• [Exercise prompt]
From the first line to the last, restate the material word for word, omitting pictures.

[[ Provided material, beginning ]]

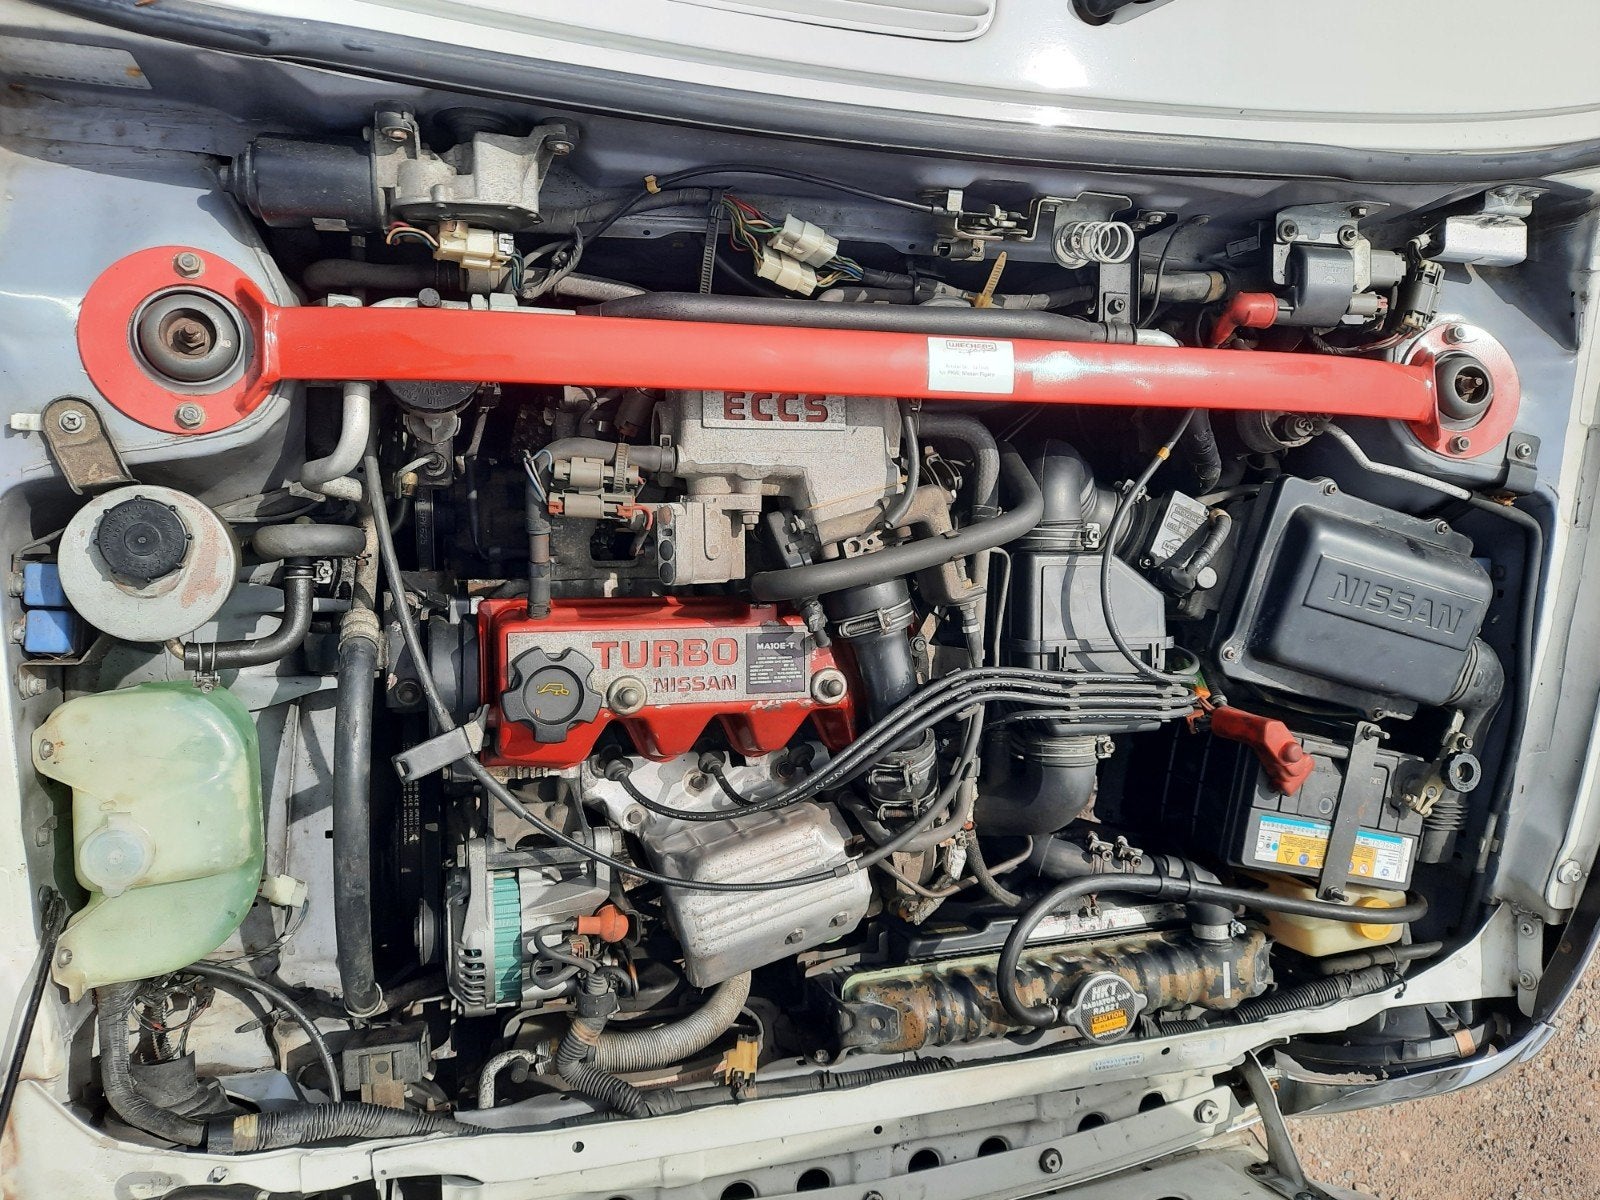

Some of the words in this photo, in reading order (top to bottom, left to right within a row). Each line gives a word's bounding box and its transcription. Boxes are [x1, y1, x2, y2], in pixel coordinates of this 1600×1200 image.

[723, 391, 829, 423] ECCS
[1328, 572, 1464, 635] NISSAN
[592, 637, 739, 670] TURBO
[756, 642, 795, 650] MA10E-T
[652, 674, 737, 693] NISSAN
[1092, 981, 1119, 1000] HKT
[1082, 996, 1116, 1010] RADIATOR
[1117, 992, 1131, 1001] CAP
[1094, 1010, 1124, 1023] CAUTION

[[ Provided material, end ]]

• [Exercise response]
Some of the words in this photo, in reading order (top to bottom, left to right within a row). Each line gives a word's bounding box and its transcription. Boxes are [x1, y1, x2, y2], in pixel coordinates of this 1600×1200 image.

[723, 391, 829, 423] ECCS
[1328, 572, 1464, 635] NISSAN
[592, 637, 739, 670] TURBO
[756, 642, 795, 650] MA10E-T
[652, 674, 737, 693] NISSAN
[1092, 981, 1119, 1000] HKT
[1082, 996, 1116, 1010] RADIATOR
[1117, 992, 1131, 1001] CAP
[1094, 1010, 1124, 1023] CAUTION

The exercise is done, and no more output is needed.